TRALALA MORTICOLE - Les revues de 2013 n'ont pas jugé bon de revenir sur cet événement qui, moi, «a fait» mon année. L'histoire la plus tordue de l'année, celle de ce type qui s'étant fait passer pour un traducteur du langage des sourds, s'est retrouvé sur la scène où l'on rendait hommage à Mandela, à deux pas d'Obama et, pendant cinq heures, s'est livré à des gesticulations insensées. J'eusse trouvé la chose plus suave encore si, au lieu d'un halluciné, on avait eu affaire à un plaisantin, mais ça reste un sacré pied de nez pareil, non?

D'abord un pied de nez à la sécurité. Imagine! Imagine les savants et rigoureux dispositifs mis en place dans les jours qui ont précédé la cérémonie, imagine les effectifs, le nombre de flics en civil dans la foule, sur les toits avec des fusils à lunettes, la tête penchée sur le côté pour parler au micro fiché dans le col de leur veston, tous reliés à une centrale au sous-sol du stade, imagine combien ça a coûté, 20 millions? 50?

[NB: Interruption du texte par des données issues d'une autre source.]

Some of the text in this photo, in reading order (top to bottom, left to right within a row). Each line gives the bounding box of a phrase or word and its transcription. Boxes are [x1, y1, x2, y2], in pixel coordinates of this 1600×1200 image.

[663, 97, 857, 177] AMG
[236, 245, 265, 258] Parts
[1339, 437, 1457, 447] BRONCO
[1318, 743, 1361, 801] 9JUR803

Et voilà l'autre petit comique qui se pointe sur l'estrade. Tadam, tadam, salut, Barack...

Un pied de nez aussi à - comment dire? - à tout le tralala morticole qui durait depuis plus d'une semaine, ces hommages, ces prosternations... Comme si l'autre avait voulu traduire le dérisoire de tout cela.

Mais paraît que les sourds ne l'ont pas trouvé drôle. Ah bon. En plus d'être sourds, ils n'entendent pas à rire?